**WORK REQUEST:**
When you repeat the records, keep every word exact and drop each picture.

**EXERCISE DATA:**
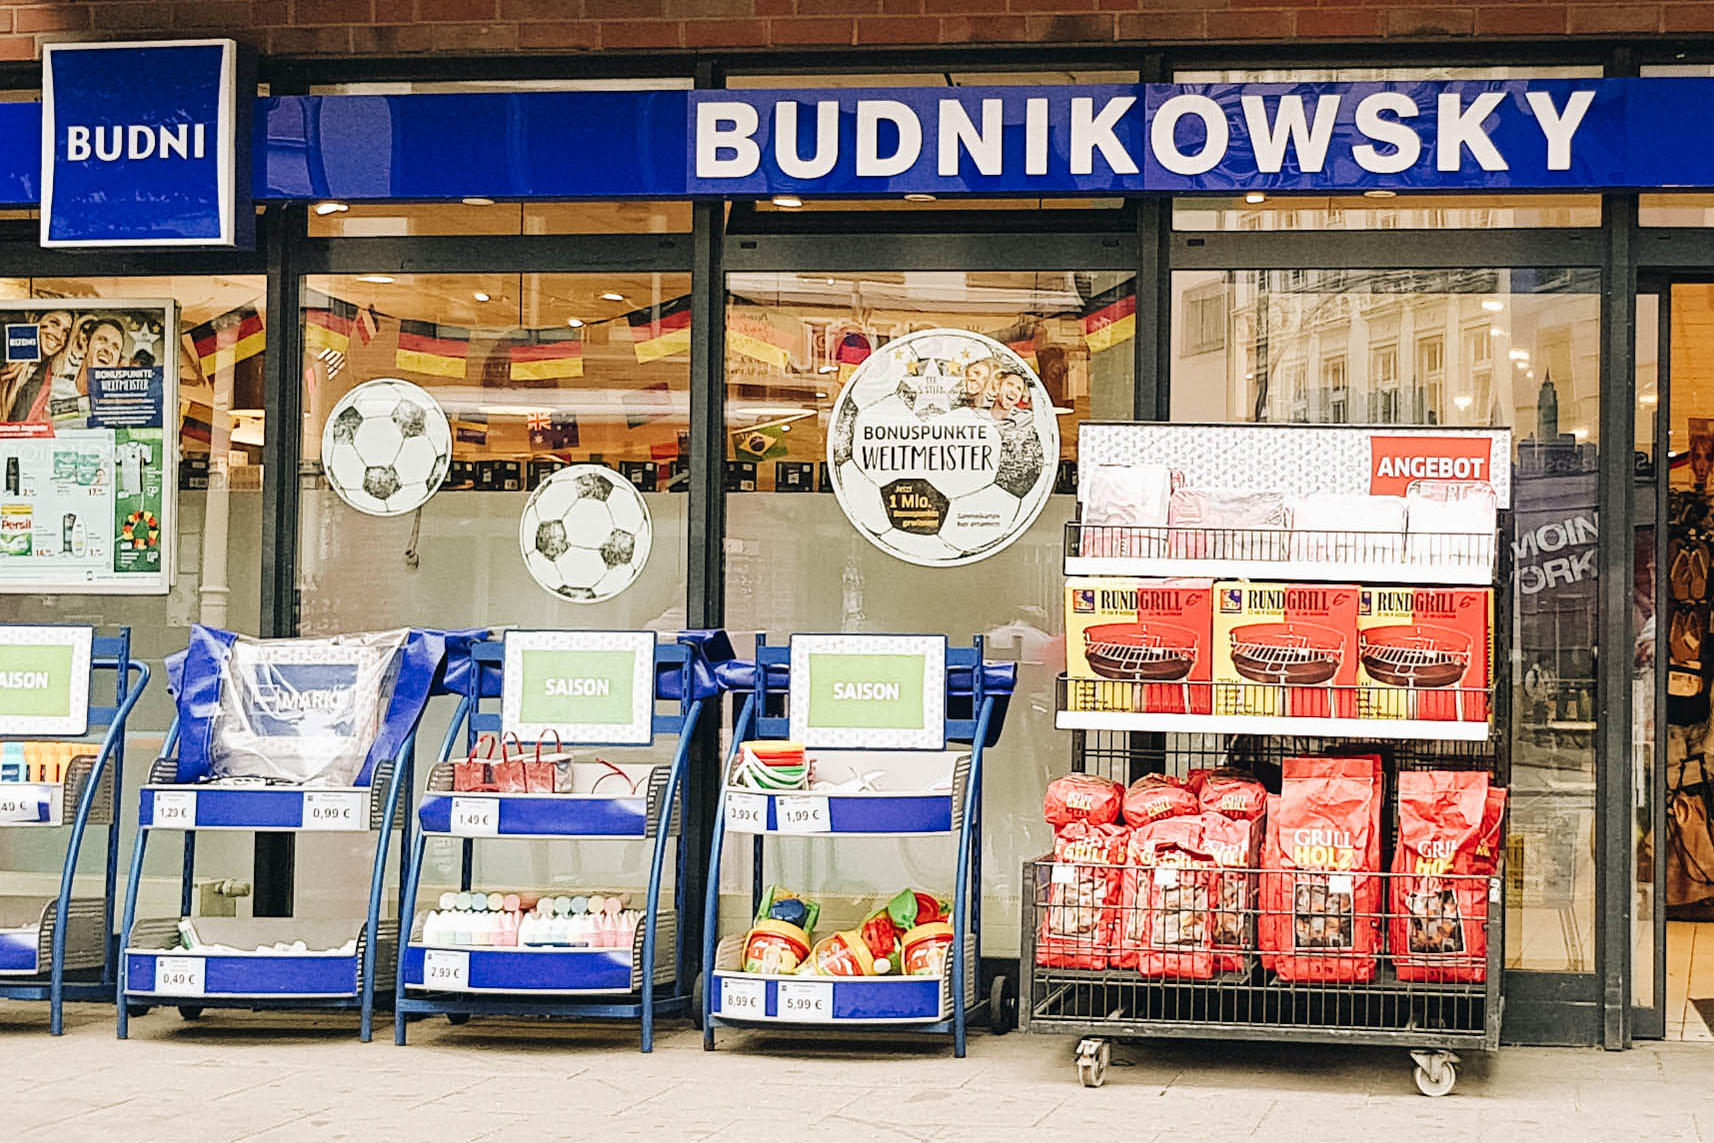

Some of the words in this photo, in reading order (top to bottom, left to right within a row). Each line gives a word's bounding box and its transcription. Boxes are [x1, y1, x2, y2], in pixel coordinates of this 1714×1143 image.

[696, 90, 1596, 179] BUDNIKOWSKY
[67, 123, 205, 162] BUDNI
[864, 425, 987, 441] BONUSPUNKTE
[862, 444, 994, 471] WELTMEISTER
[1376, 456, 1485, 479] ANGEBOT
[889, 494, 897, 508] 1
[2, 519, 31, 530] Persil
[1513, 549, 1599, 594] ORK
[0, 671, 48, 689] AISON
[545, 678, 609, 697] SAISON
[833, 682, 900, 700] SAISON
[161, 807, 179, 818] 1,29
[181, 807, 188, 818] €
[313, 807, 339, 820] 0,99
[343, 807, 351, 819] €
[460, 814, 480, 826] 1,49
[482, 814, 489, 826] €
[753, 810, 760, 821] €
[786, 810, 809, 823] 1,99
[812, 809, 821, 820] €
[1294, 828, 1354, 849] GRILL
[1294, 846, 1353, 869] HOLZ
[163, 973, 185, 985] 0,49
[188, 973, 196, 985] €
[431, 966, 451, 979] 2,99
[453, 967, 461, 979] €
[727, 994, 748, 1008] 8,99
[750, 996, 757, 1008] €
[786, 998, 812, 1011] 5,99
[815, 999, 823, 1010] €
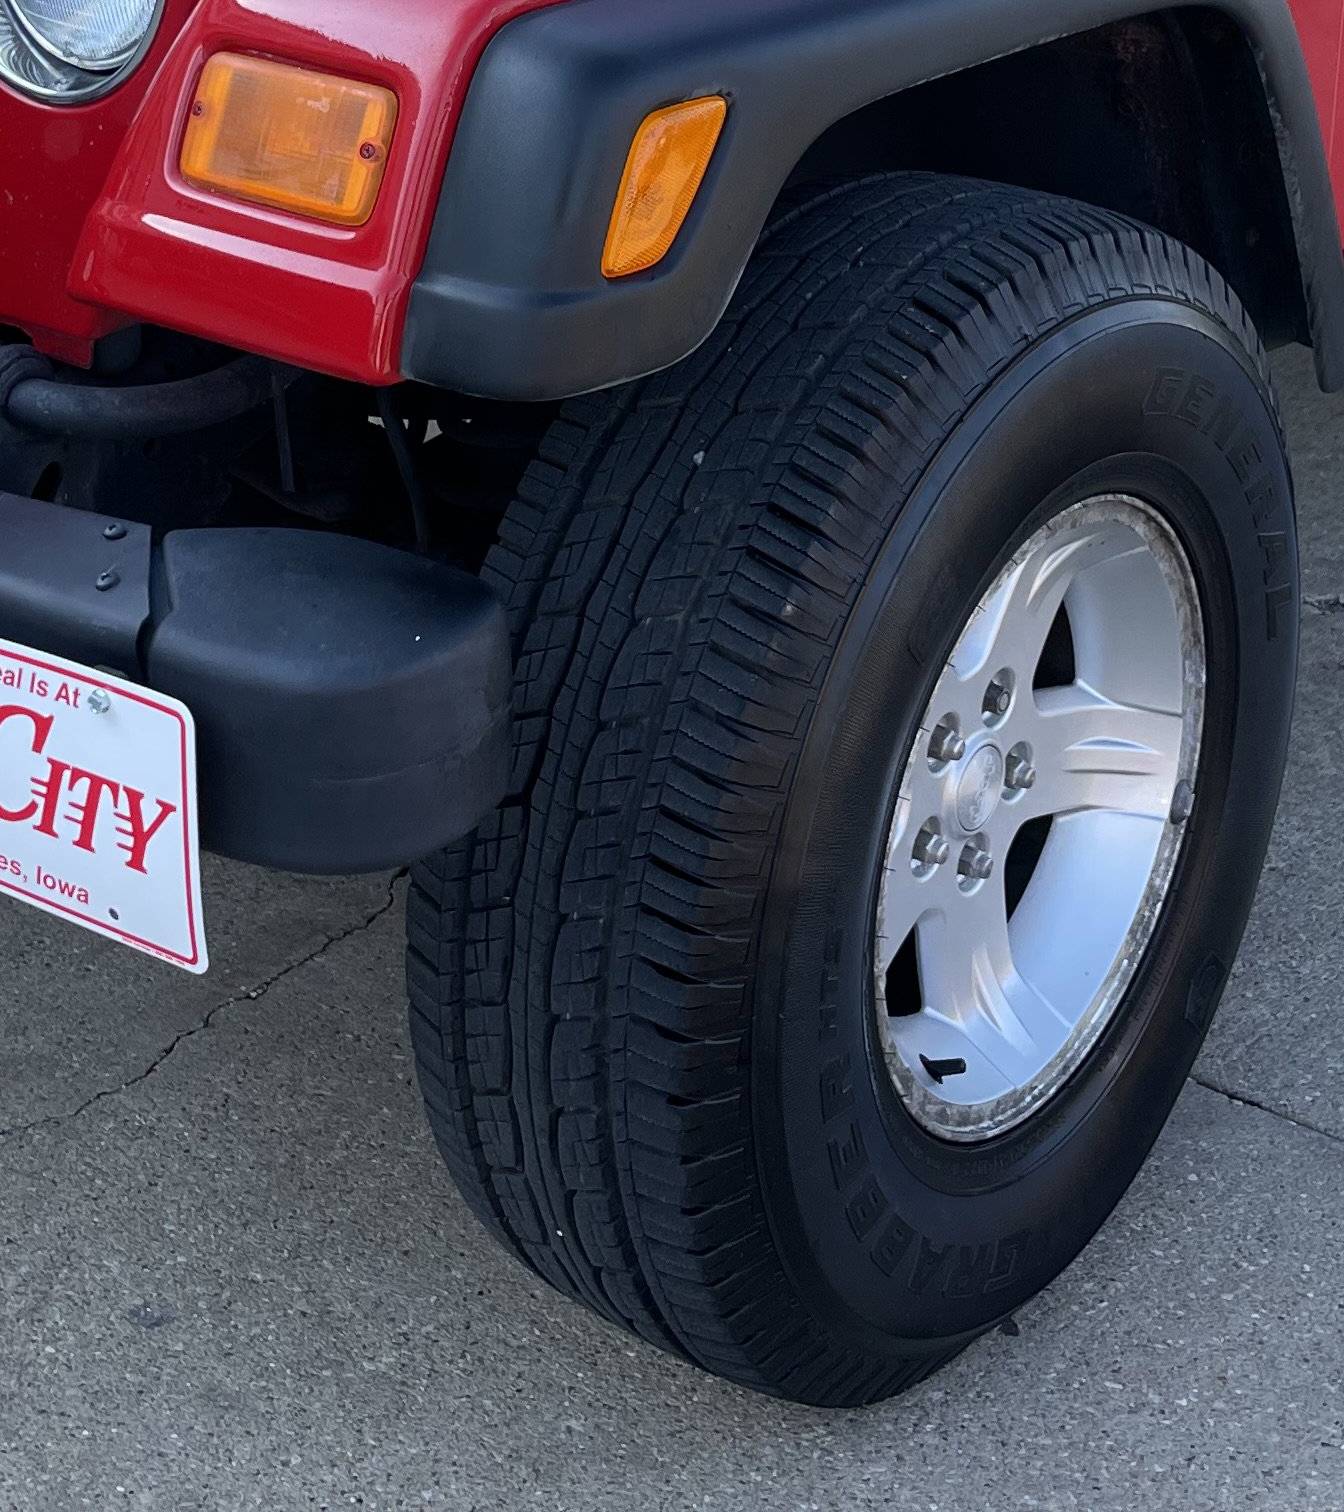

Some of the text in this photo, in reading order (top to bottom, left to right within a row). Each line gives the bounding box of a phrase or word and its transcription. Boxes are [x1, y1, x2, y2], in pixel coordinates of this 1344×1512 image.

[30, 672, 48, 696] Is
[55, 680, 81, 709] At
[37, 864, 90, 904] Iowa

**RESULT OF THE TASK:**
Some of the words in this photo, in reading order (top to bottom, left to right within a row). Each line gives a word's bounding box and its transcription. Boxes are [x1, y1, x2, y2], in pixel coordinates of this 1714×1143 image.

[696, 90, 1596, 179] BUDNIKOWSKY
[67, 123, 205, 162] BUDNI
[864, 425, 987, 441] BONUSPUNKTE
[862, 444, 994, 471] WELTMEISTER
[1376, 456, 1485, 479] ANGEBOT
[889, 494, 897, 508] 1
[2, 519, 31, 530] Persil
[1513, 549, 1599, 594] ORK
[0, 671, 48, 689] AISON
[545, 678, 609, 697] SAISON
[833, 682, 900, 700] SAISON
[161, 807, 179, 818] 1,29
[181, 807, 188, 818] €
[313, 807, 339, 820] 0,99
[343, 807, 351, 819] €
[460, 814, 480, 826] 1,49
[482, 814, 489, 826] €
[753, 810, 760, 821] €
[786, 810, 809, 823] 1,99
[812, 809, 821, 820] €
[1294, 828, 1354, 849] GRILL
[1294, 846, 1353, 869] HOLZ
[163, 973, 185, 985] 0,49
[188, 973, 196, 985] €
[431, 966, 451, 979] 2,99
[453, 967, 461, 979] €
[727, 994, 748, 1008] 8,99
[750, 996, 757, 1008] €
[786, 998, 812, 1011] 5,99
[815, 999, 823, 1010] €

Some of the text in this photo, in reading order (top to bottom, left to right within a row). Each line gives the bounding box of a phrase or word and its transcription. Boxes are [x1, y1, x2, y2], in pixel coordinates of this 1344×1512 image.

[30, 672, 48, 696] Is
[55, 680, 81, 709] At
[37, 864, 90, 904] Iowa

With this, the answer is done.